Here's an interesting news report from Indianapolis, via Michael at The Sports Law Blog:
The federal antitrust trial pitting the National Invitation Tournament against the NCAA appeared close to settlement Tuesday as the trial was suspended and the sides negotiated.
The NCAA executive council, the highest policy-making group in the association, had an unscheduled conference call Tuesday night to discuss the case.
NCAA spokesman Bob Williams declined comment. NIT attorney Jeffrey Kessler didn't return repeated messages.
The trial was about to enter its 10th day. When the jury of eight women and four men entered the courtroom Tuesday morning, they were immediately told by U.S. District Court judge Miriam Goldman Cedarbaum that they had the day off.
At issue is an NCAA rule requiring schools, if invited, to participate in NCAA postseason events or none at all. The NIT, long a secondary postseason basketball tournament, wants an open market.
Settlement negotiations before the trial failed.
"It's very hard to tell until we get the terms of the settlement, but at a dead minimum, the NCAA thinks there's risk," said Paul Haagen, a sports law expert from Duke University who has been keeping up with the trial. "But it could be that the case didn't go so well for the NIT and they're willing to be more accommodating.
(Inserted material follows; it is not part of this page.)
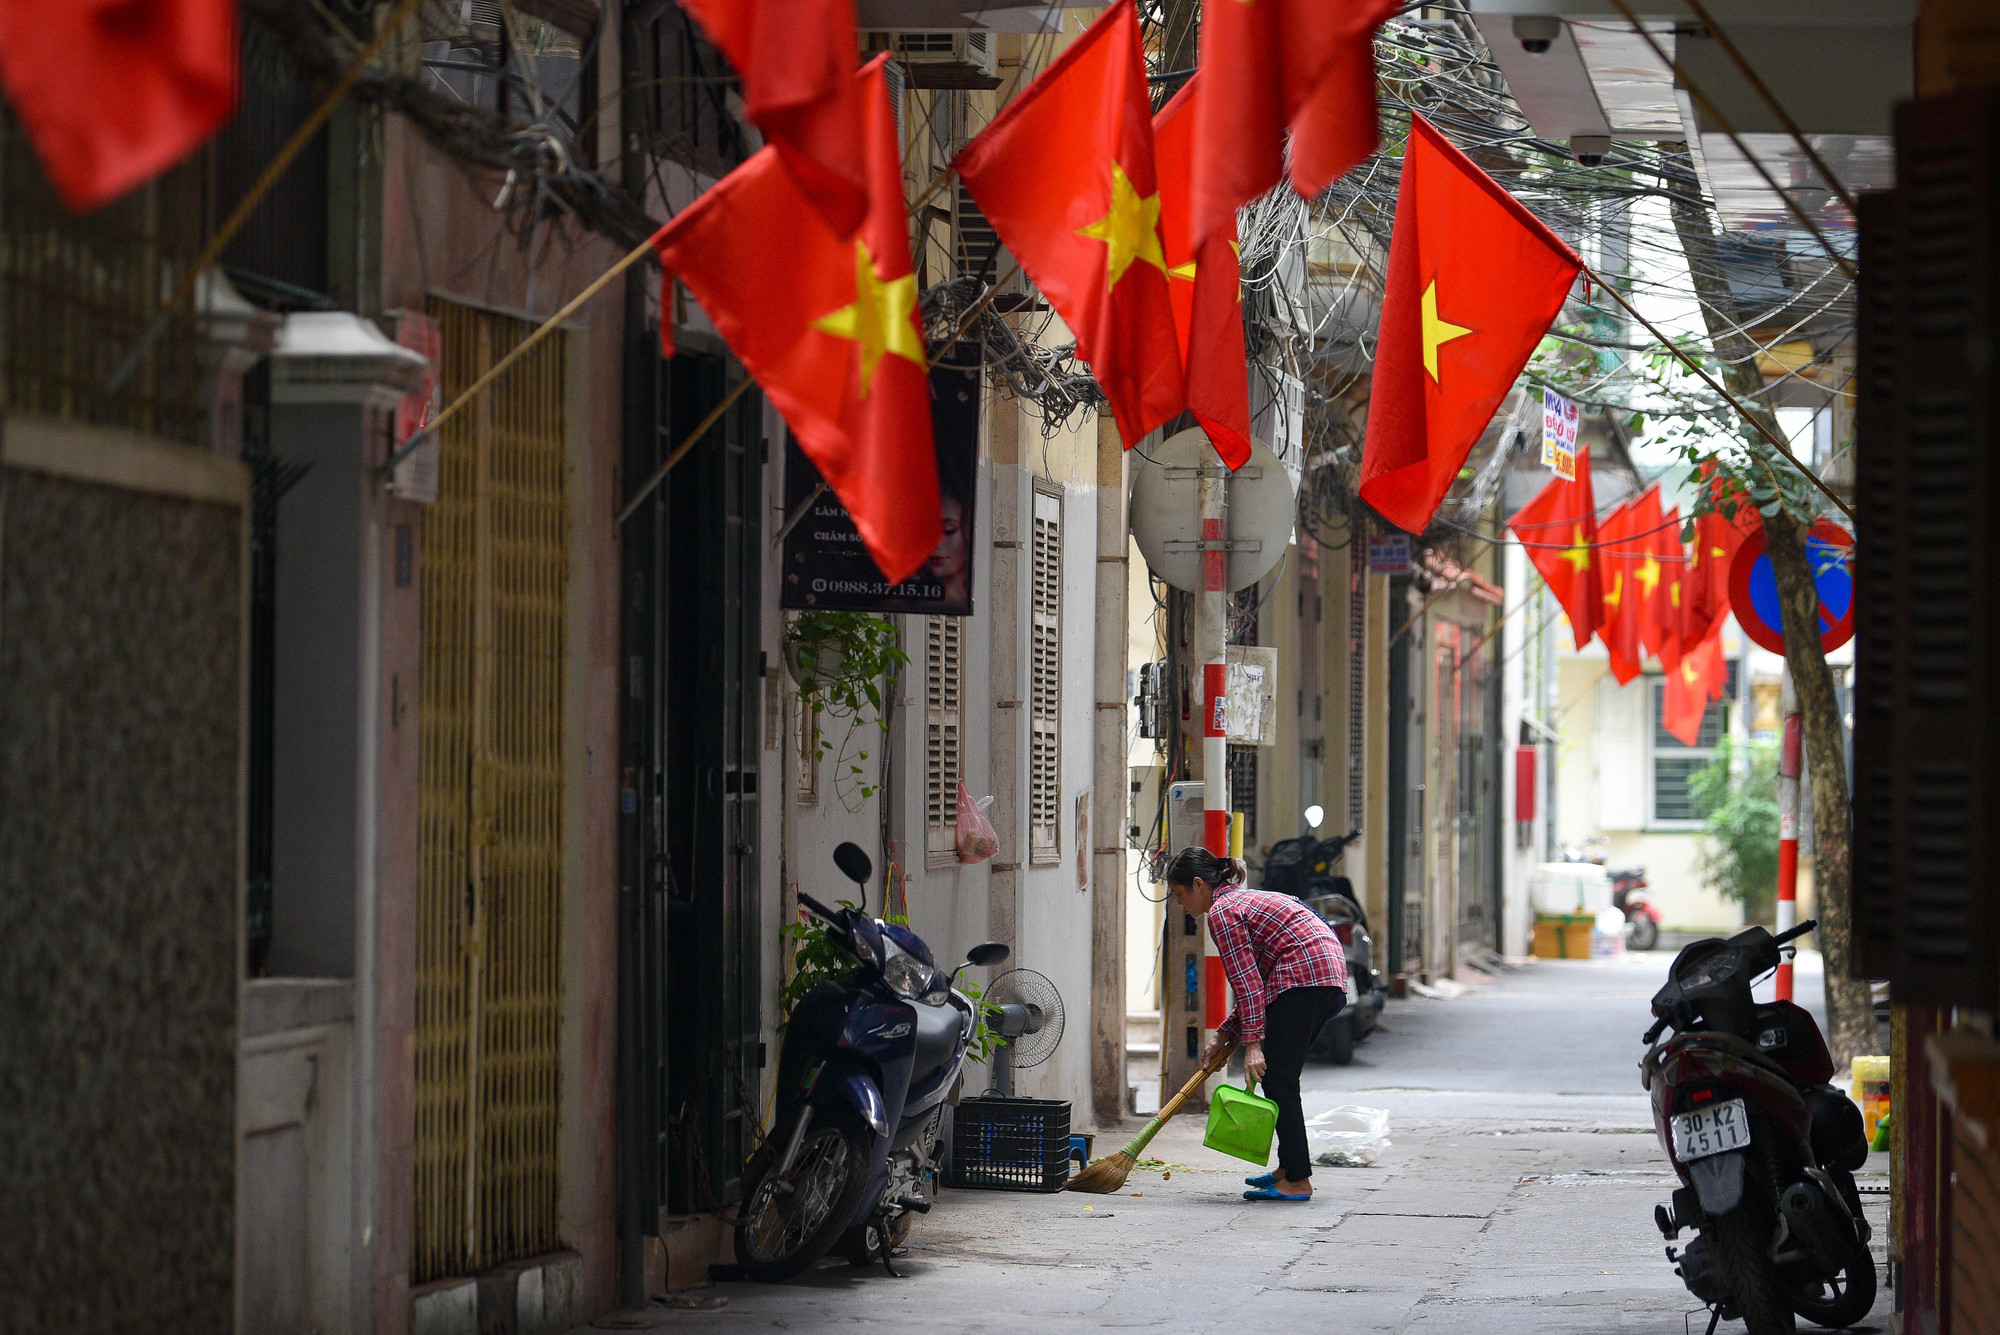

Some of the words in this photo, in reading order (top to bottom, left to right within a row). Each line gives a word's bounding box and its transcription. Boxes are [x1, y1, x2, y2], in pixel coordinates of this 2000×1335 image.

"Sometimes what happens is it's easier to get your client to concentrate when they get a sense of the weaknesses of their case in front of a jury."
The NCAA has a $6.2 billion, 11-year contract with CBS for television and marketing rights to its tournament.
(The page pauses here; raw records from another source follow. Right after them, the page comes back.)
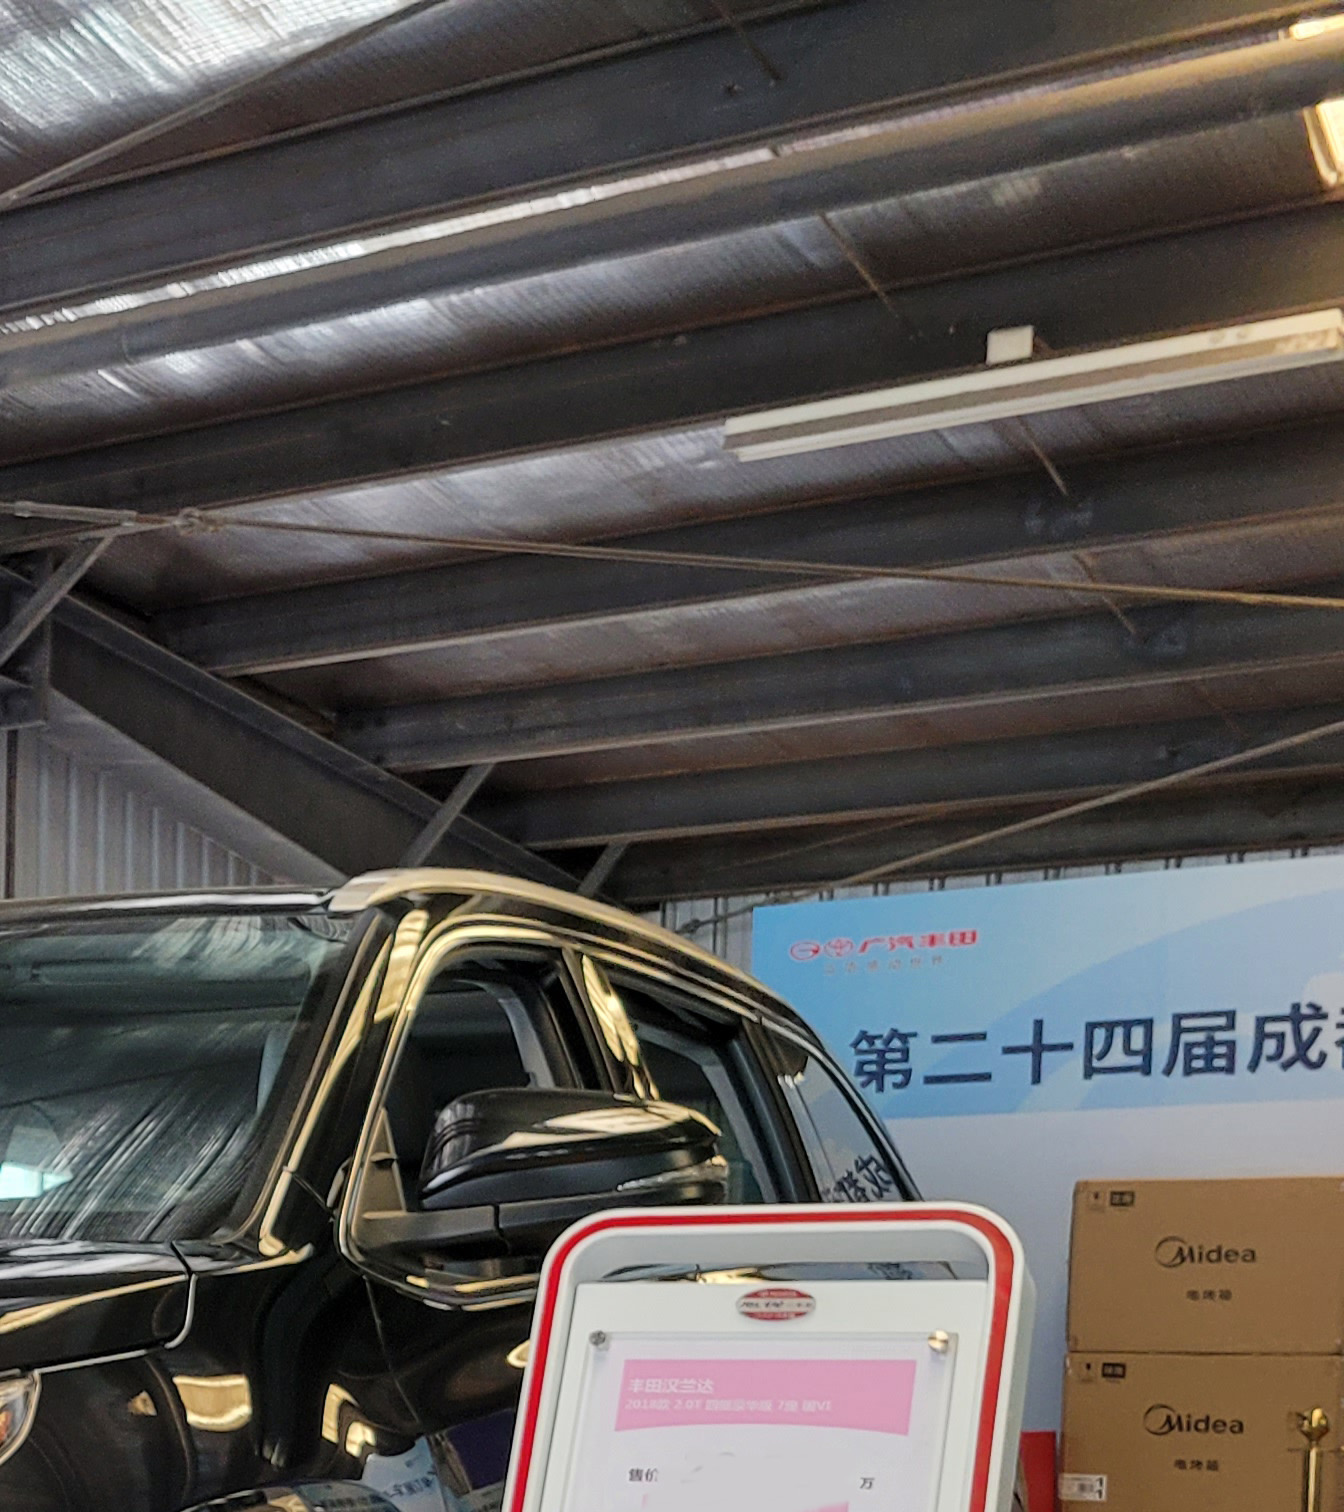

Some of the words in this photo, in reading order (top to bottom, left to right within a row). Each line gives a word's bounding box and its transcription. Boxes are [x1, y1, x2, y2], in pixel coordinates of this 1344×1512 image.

[849, 1002, 1344, 1094] 第二十四届成
[1165, 1242, 1257, 1267] Midea
[628, 1377, 715, 1395] 丰田汉兰达
[1154, 1409, 1245, 1434] Midea
[860, 1476, 875, 1490] 万
Michael thinks the NCAA has "too much to lose," and that the NIT feels it might have a weak case. That rings true (but read the post for a full sense of his argument). Also to be considered is likelihood that both sides would prefer to avoid dissipating existing rents from an escalation of competition in the post-season. A court-sanctioned settlement which throws the NIT a bone might be a win for both parties, even if the two sides' estimates of the NIT's chance of winning at trial were the same.
Update: Looks like pure monoply folks! At least by Mike's latest update.